In construing both parts of § 16, we cannot forget that we ultimately are determining the meaning of the term "crime of violence." The ordinary meaning of this term, combined with § 16's emphasis on the use of physical force against another person (or the risk of having to use such force in committing a crime), suggests a category of violent, active crimes that cannot be said naturally to include DUI offenses. Cf. United States v. Doe, 960 F.2d 221, 225 (CA1 1992) (Breyer, C. J.) (observing that the term "violent felony" in 18 U. S. C. § 924(e) (2000 ed. and Supp. II) "calls to mind a tradition of crimes that involve the possibility of more closely related, active violence"). Interpreting § 16 to encompass accidental or negligent conduct would blur the distinction between the "violent" crimes Congress sought to distinguish for heightened punishment and other crimes. See United States v. Lucio-Lucio, 347 F.3d 1202, 1205-1206 (CA10 2003).

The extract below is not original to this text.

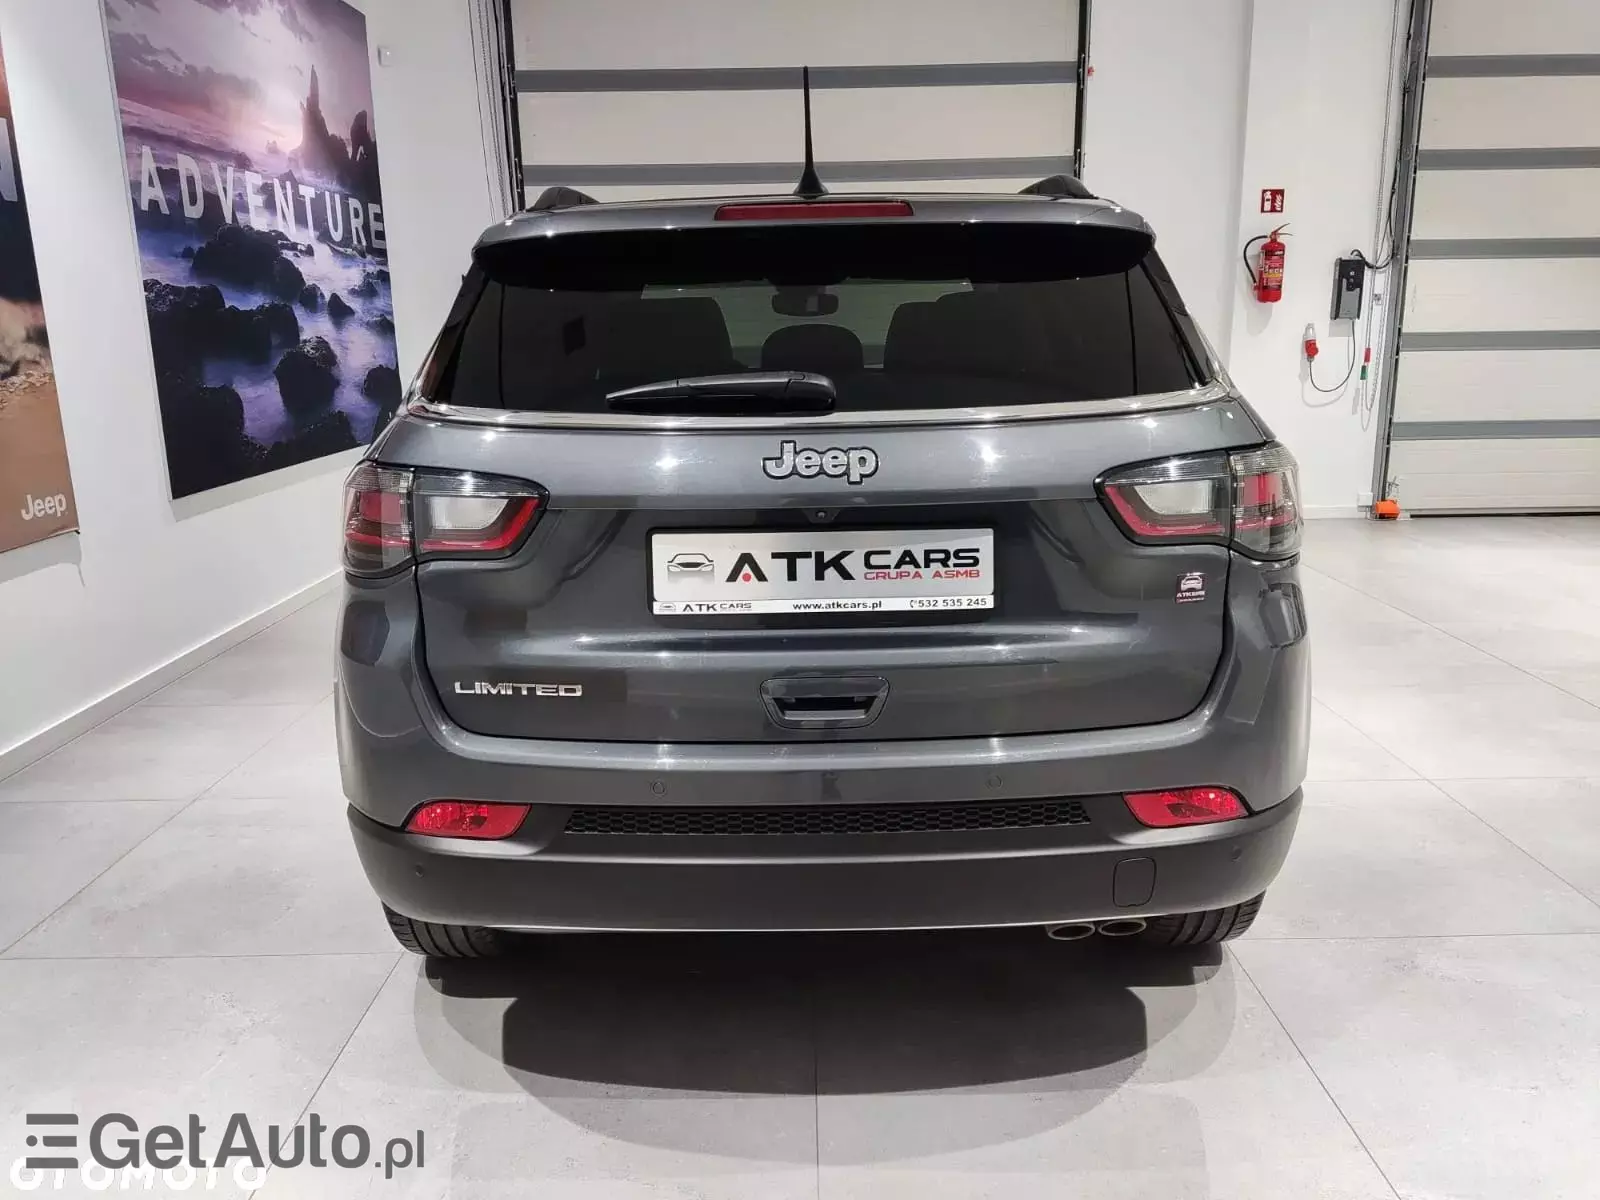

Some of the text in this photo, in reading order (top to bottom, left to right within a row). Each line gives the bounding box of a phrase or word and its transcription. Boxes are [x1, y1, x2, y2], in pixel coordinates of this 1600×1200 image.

Section 16 therefore cannot be read to include petitioner's conviction for DUI causing serious bodily injury under Florida law.
Congress' separate listing of the DUI-causing-injury offense from the definition of "crime of violence" in § 16 is revealing. Interpreting § 16 to include DUI offenses, as the Government urges, would leave § 101(h)(3) practically devoid of significance. As we must give effect to every word of a statute wherever possible, see Duncan v. Walker, 533 U.S. 167, 174 (2001), the distinct provision for these offenses under § 101(h) bolsters our conclusion that § 16 does not itself encompass DUI offenses.
It is so ordered.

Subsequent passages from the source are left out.